• **ABOUT THIS TASK**: Repeat the data below exactly, dropping any pictures it holds.
*** PROVIDED MATERIAL Section Begins ***
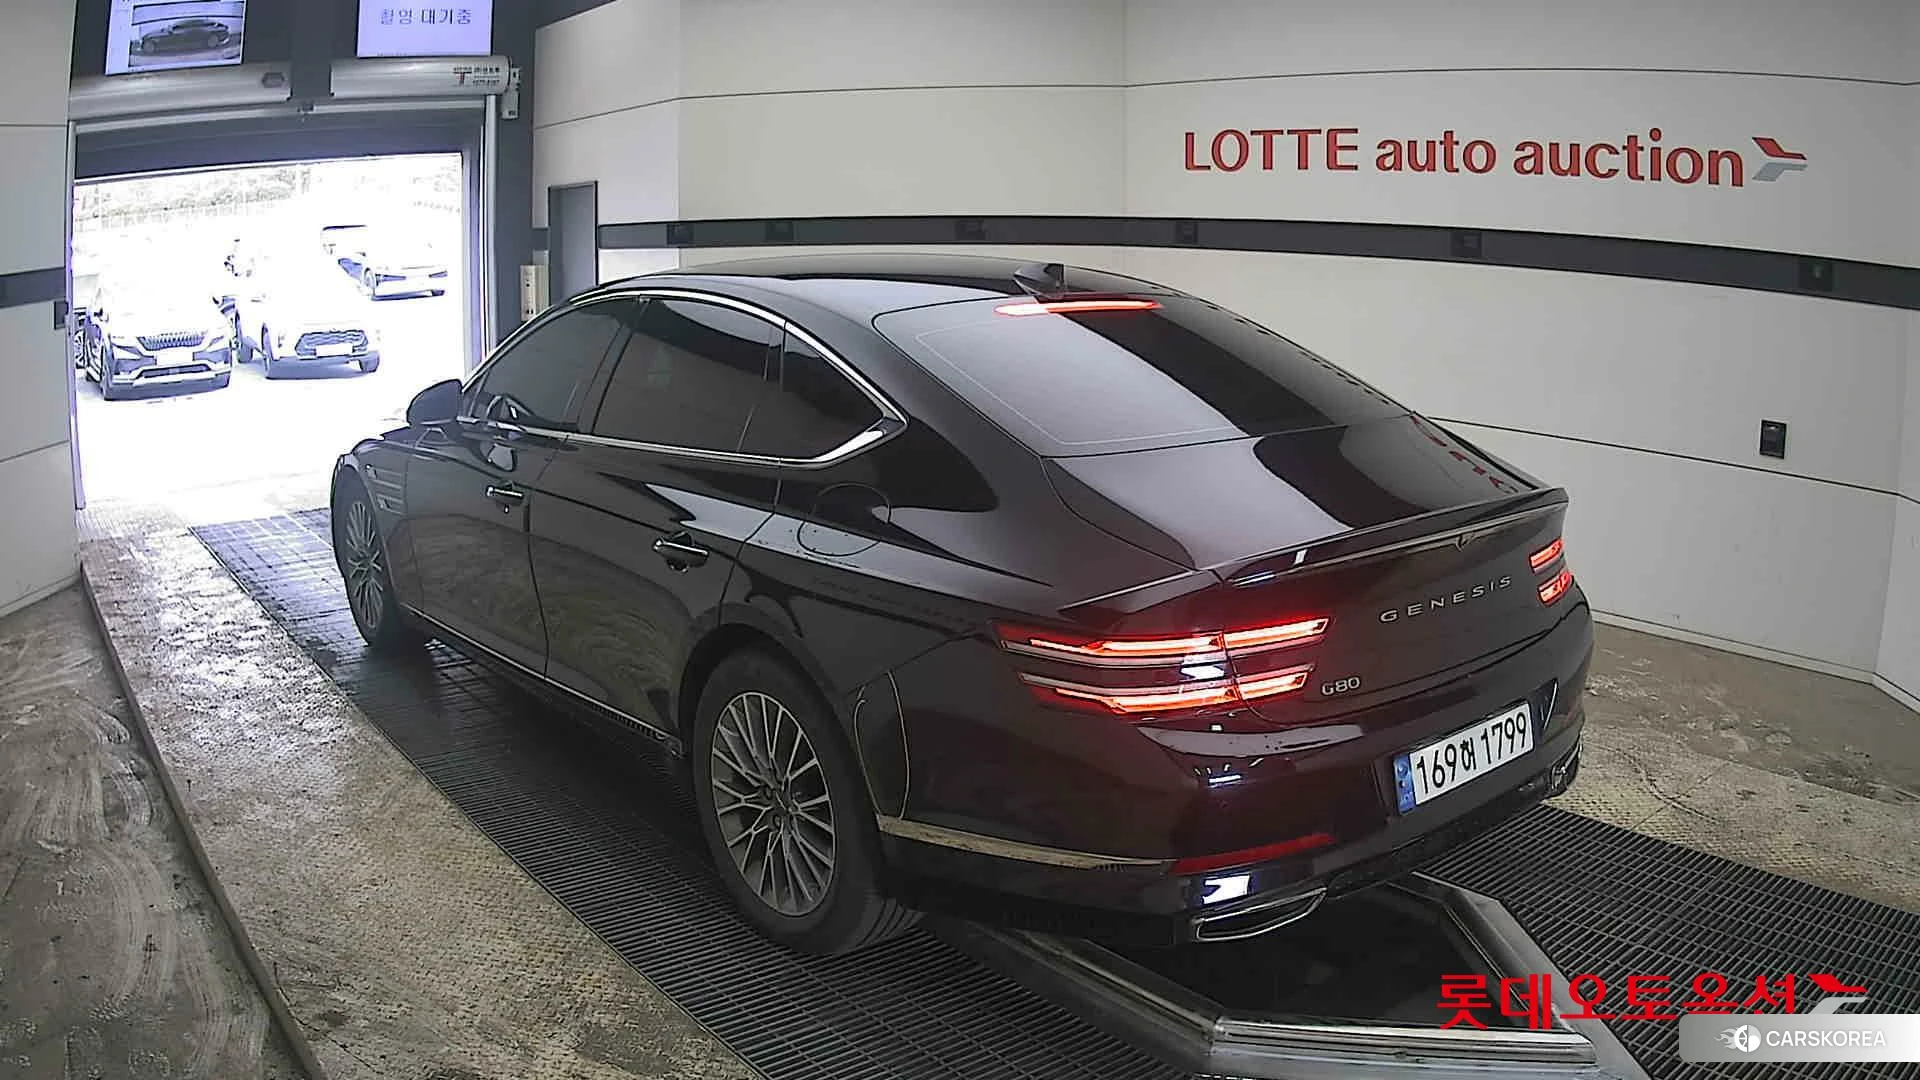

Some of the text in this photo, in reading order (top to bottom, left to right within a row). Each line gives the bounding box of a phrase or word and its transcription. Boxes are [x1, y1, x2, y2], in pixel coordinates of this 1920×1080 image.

[421, 8, 472, 25] 대기중
[1184, 127, 1744, 187] LOTTE auto auction
[1380, 576, 1512, 623] GENESIS
[1321, 676, 1361, 697] G80
[1416, 711, 1527, 795] 169허 1799
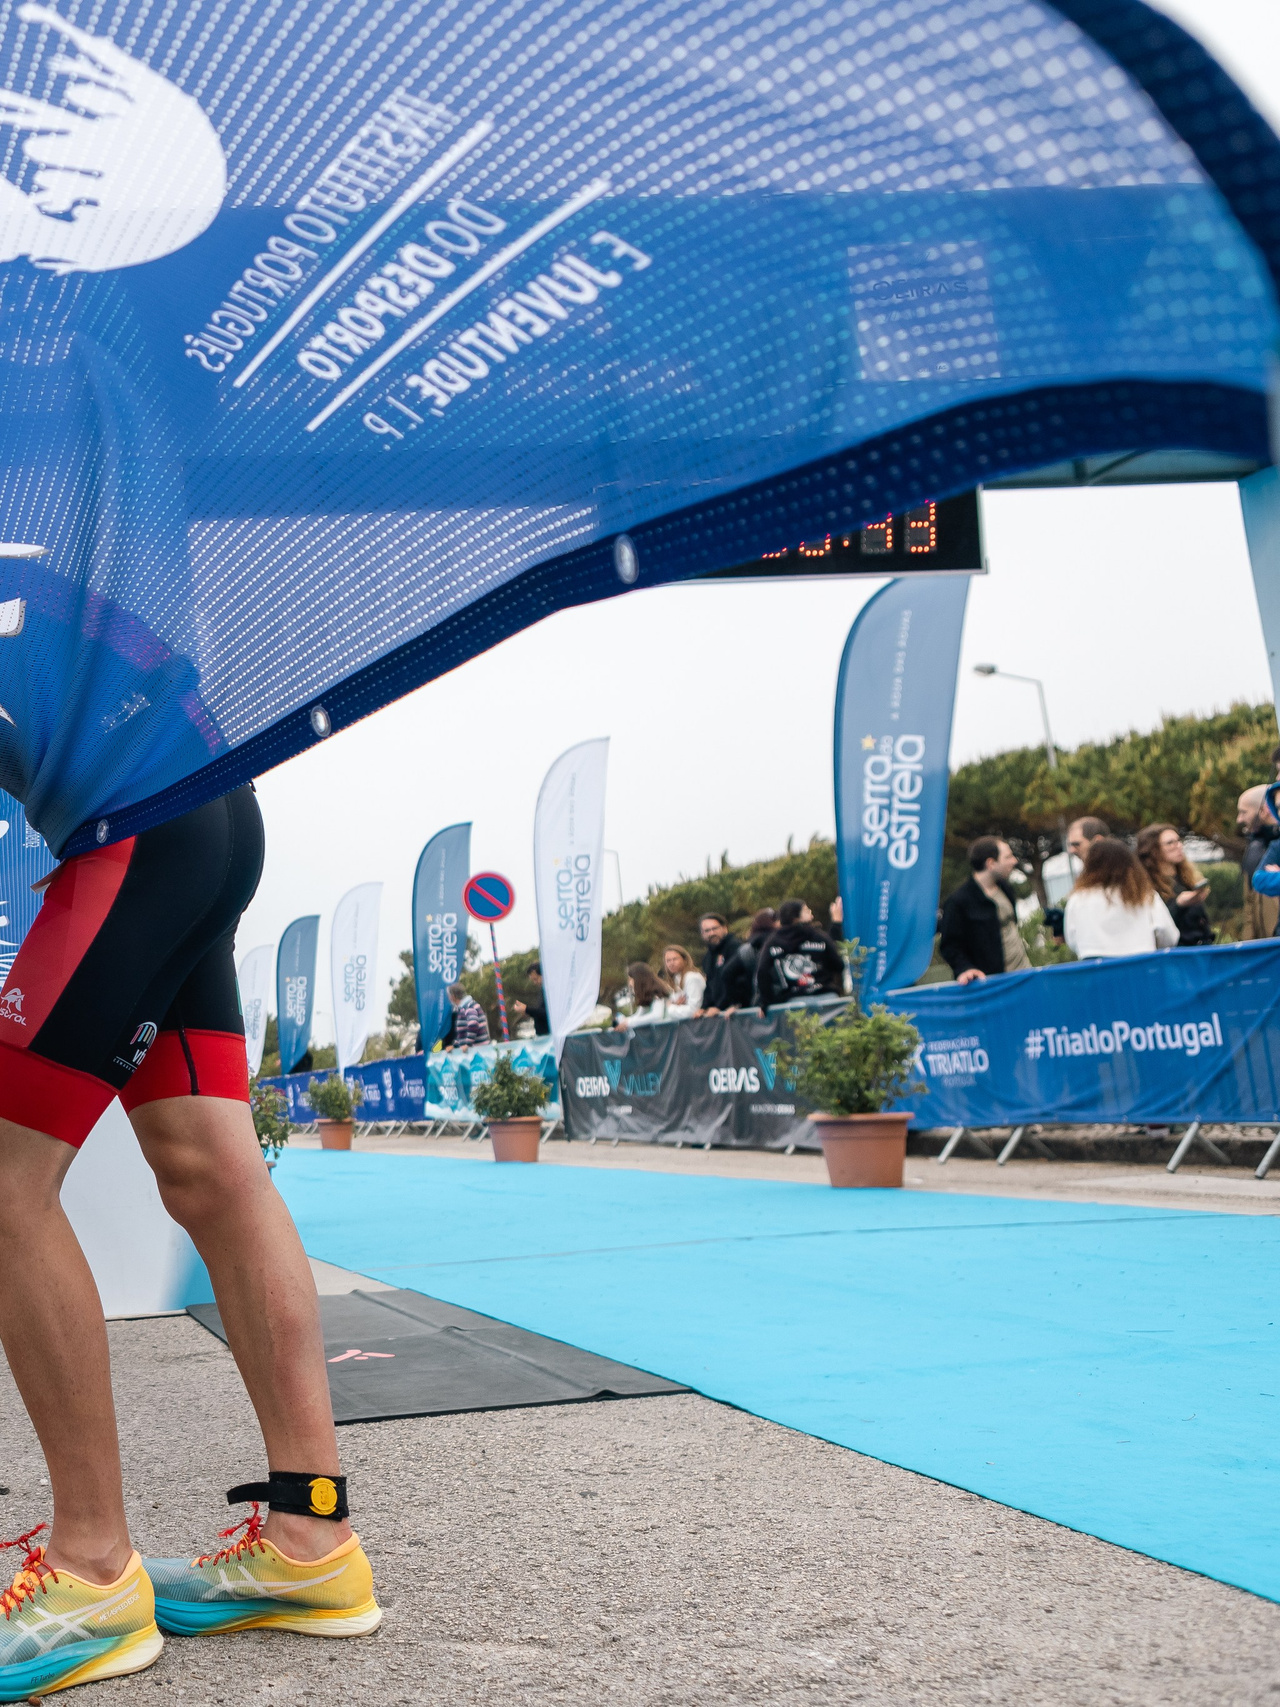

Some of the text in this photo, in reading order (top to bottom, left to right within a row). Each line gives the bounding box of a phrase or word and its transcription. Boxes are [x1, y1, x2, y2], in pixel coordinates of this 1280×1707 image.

[862, 755, 893, 849] serra
[888, 734, 925, 870] estrela
[555, 869, 574, 930] serra
[575, 854, 591, 942] estrela
[428, 924, 442, 973] serra
[442, 913, 457, 983] estrela
[296, 976, 307, 1026] estrela
[355, 955, 366, 1011] estrela
[1025, 1012, 1223, 1060] #TriatloPortugal
[576, 1075, 610, 1098] OEIRAS
[708, 1067, 760, 1095] OEIRAS
[925, 1048, 990, 1078] TRIATLO
*** PROVIDED MATERIAL Section Ends ***
• **EXERCISE RESPONSE**:
Some of the text in this photo, in reading order (top to bottom, left to right within a row). Each line gives the bounding box of a phrase or word and its transcription. Boxes are [x1, y1, x2, y2], in pixel coordinates of this 1920×1080 image.

[421, 8, 472, 25] 대기중
[1184, 127, 1744, 187] LOTTE auto auction
[1380, 576, 1512, 623] GENESIS
[1321, 676, 1361, 697] G80
[1416, 711, 1527, 795] 169허 1799

Some of the text in this photo, in reading order (top to bottom, left to right within a row). Each line gives the bounding box of a phrase or word and its transcription. Boxes are [x1, y1, x2, y2], in pixel coordinates of this 1280×1707 image.

[862, 755, 893, 849] serra
[888, 734, 925, 870] estrela
[555, 869, 574, 930] serra
[575, 854, 591, 942] estrela
[428, 924, 442, 973] serra
[442, 913, 457, 983] estrela
[296, 976, 307, 1026] estrela
[355, 955, 366, 1011] estrela
[1025, 1012, 1223, 1060] #TriatloPortugal
[576, 1075, 610, 1098] OEIRAS
[708, 1067, 760, 1095] OEIRAS
[925, 1048, 990, 1078] TRIATLO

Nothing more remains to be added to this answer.